Nesse mesmo estudo, os autores estimam o número de pacientes hipertensos que precisam ser tratados durante cinco anos para evitar um evento de saúde grave ou morte: 86 pacientes de meia-idade ou 29 pacientes idosos. O custo de tratamento medicamentoso para evitar um episódio de enfarto do miocárdio, um acidente vascular cerebral ou morte nesses grupos de pacientes variou de US$ 4.730 com a hidroclorotiazida a US$ 34.6236 com a nifedipina para os pacientes de meia idade e de US$ 1.595 a US$ 11.6754 para os pacientes idosos, com os mesmos medicamentos. Mesmo assumindo que os diuréticos muitas vezes exigem suplementação de potássio, o acréscimo de custo correspondente à suplementação foi pouco significativo.

Embora não tenham estudado qualidade de vida dos pacientes tratados com os diferentes tipos de medicamentos, os autores citam um estudo randomizado e duplo cego que comparou a qualidade de vida de pacientes utilizando as cinco classes de drogas estudadas e que não encontrou diferenças na qualidade de vida dos pacientes que as utilizavam.

Hilleman e colaboradores12, estudando igualmente os custos de tratamento de pacientes com hipertensão leve a moderada, ampliam o espectro da análise avaliando, além dos custos de aquisição dos medicamentos, os custos dos suplementos necessários, dos exames de laboratório, das visitas médicas e do tratamento dos efeitos colaterais. Seus resultados mostram um custo total de tratamento por um ano variando de US$ 895 ± 545 com os beta bloqueadores a US$ 1425 ± 962 com os bloqueadores dos canais de cálcio.

Edelson e colaboradores13 avaliaram o custo do tratamento da hipertensão estudando, através de modelo matemático, além do custo de aquisição, os efeitos colaterais dos medicamentos utilizados, sua ação sobre o colesterol e a influência das posologias mais convenientes. Chegaram à conclusão de que o custo por ano de vida salvo era estimado em US$ 10.900 para o propranolol, US$ 16.400 para a hidroclorotiazida, US$ 31.600 para a nifedipina, US$ 61.900 para a prazosina e US$ 72.100 para o captopril. Mais uma vez, os medicamentos pertencentes às classes dos diuréticos e beta bloqueadores foram os mais custo-efetivos.

Seguindo uma tendência crescente de estudar a relação de custo-utilidade dos programas, procedimentos e tratamentos de saúde, Fletcher14 utilizou os QALY (quality adjusted life years), um indicador que integra sobrevida com a medida da qualidade de vida, para comparar os resultados do tratamento com verapamil versus propranolol em um grupo de 50 pacientes hipertensos. No final de 16 semanas de tratamento, foi encontrada uma diferença de 0,02 QALYs a mais para os pacientes que utilizavam verapamil. O custo desses 0,02 QALYs extras foi de 26 libras. Um QALY custaria, portanto, 1.300 libras, o que estaria dentro dos valores considerados aceitáveis e validaria a indicação do verapamil.
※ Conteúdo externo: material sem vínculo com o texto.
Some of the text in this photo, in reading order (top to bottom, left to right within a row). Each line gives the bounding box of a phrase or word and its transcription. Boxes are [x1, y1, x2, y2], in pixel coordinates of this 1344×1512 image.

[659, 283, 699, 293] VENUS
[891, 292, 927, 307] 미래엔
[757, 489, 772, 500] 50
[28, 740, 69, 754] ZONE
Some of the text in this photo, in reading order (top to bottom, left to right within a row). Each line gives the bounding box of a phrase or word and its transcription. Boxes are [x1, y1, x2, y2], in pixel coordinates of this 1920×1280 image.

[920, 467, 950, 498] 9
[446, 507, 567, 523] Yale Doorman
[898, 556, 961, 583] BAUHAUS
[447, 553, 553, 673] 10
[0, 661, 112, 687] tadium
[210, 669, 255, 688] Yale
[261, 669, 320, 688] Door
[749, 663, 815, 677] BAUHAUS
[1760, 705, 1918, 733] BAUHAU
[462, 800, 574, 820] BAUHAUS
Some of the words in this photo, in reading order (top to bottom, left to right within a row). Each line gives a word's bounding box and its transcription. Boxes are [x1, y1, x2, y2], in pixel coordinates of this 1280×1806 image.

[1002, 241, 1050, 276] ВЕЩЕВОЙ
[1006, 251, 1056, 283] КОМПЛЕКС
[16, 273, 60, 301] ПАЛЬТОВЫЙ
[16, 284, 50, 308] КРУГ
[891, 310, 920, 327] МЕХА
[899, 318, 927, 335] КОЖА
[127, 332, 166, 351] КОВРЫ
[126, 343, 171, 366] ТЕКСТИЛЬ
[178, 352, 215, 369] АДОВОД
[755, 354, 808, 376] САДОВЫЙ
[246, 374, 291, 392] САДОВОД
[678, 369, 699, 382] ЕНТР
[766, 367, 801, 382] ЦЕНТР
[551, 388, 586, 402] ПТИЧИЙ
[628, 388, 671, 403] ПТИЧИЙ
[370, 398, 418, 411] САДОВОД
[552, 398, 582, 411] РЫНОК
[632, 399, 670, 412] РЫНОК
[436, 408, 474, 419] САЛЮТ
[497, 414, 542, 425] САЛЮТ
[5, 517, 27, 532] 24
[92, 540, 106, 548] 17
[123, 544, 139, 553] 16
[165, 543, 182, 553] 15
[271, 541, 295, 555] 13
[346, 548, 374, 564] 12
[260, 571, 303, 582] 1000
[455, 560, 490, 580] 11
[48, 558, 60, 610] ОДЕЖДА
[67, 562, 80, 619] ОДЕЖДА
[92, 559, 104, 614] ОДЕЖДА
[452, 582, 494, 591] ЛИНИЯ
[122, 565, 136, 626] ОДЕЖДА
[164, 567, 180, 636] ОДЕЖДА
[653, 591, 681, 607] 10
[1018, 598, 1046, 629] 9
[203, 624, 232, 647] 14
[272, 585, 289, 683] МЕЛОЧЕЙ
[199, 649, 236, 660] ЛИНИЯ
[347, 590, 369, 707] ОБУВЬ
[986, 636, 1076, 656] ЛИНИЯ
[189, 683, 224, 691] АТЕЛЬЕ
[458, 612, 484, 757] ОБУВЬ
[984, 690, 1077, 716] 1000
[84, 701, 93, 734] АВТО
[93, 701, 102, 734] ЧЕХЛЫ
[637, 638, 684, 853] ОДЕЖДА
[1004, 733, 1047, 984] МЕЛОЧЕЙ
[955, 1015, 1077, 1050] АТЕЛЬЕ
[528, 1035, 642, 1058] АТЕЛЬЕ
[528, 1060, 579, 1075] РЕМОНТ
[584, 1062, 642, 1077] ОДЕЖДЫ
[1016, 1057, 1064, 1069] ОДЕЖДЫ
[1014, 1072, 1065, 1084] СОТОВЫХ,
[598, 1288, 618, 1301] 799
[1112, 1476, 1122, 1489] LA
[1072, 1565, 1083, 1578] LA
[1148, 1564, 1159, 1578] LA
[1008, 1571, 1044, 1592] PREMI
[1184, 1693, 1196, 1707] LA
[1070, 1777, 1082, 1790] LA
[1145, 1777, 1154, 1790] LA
Resultados de um grande estudo norte-americano de intervenção15, no qual mais de 30.000 pacientes foram acompanhados, em média, por 4,9 anos, mostram que os diuréticos tiazídicos, além de mais baratos, são mais eficazes na prevenção de um ou mais episódios de doença cardiovascular do que os inibidores da ECA ou os bloqueadores dos canais de cálcio em pacientes hipertensos. Os autores chegam a recomendar que essa classe de medicamentos seja utilizada como primeira escolha no tratamento da hipertensão.

 

Método

 

O presente estudo avaliou o custo de aquisição dos medicamentos anti-hipertensivos no Estado de São Paulo. As especialidades farmacêuticas disponíveis no mercado, separadas por classes, foram listadas em todas as suas apresentações. O preço da embalagem ao consumidor (com ICMS de 18%) foi pesquisado no Brasíndice e na revista ABCFarma de março de 2002. Para cada especialidade farmacêutica foi considerada uma dose média diária e calculado o preço do tratamento por mês, permitindo comparações de preços entre os produtos. Os medicamentos genéricos também constam entre os pesquisados. Levantamento dos preços pagos pela Secretaria de Estado da Saúde de São Paulo para aquisição de medicamentos contra hipertensão serviu de contraponto aos preços pagos pelos consumidores nas farmácias.

 

Resultados

 

Dois aspectos dos resultados deste trabalho chamam particularmente a atenção. O primeiro é o número de produtos diferentes encontrados – 712, se considerarmos todas as marcas e apresentações. O segundo, a enorme disparidade de preços existente, tanto entre as várias classes de medicamentos como entre especialidades farmacêuticas similares. A seguir, são apresentados os principais resultados encontrados, detalhando-se as diferenças de preços dos medicamentos mais freqüentemente utilizados:

 

A – Diuréticos

a-     Tiazídicos: o tratamento/mês custa, em média, R$ 5,03, sendo R$ 2,64 a hidroclorotiazida, R$ 4,84 a clortalidona e R$ 15,69 a indapamida. Entre as várias apresentações da hidroclorotiazida há uma diferença de 227% entre o produto mais barato e o produto mais caro, que não é o de referência. Há uma diferença de preço de 55% entre o produto de referência e o produto mais caro.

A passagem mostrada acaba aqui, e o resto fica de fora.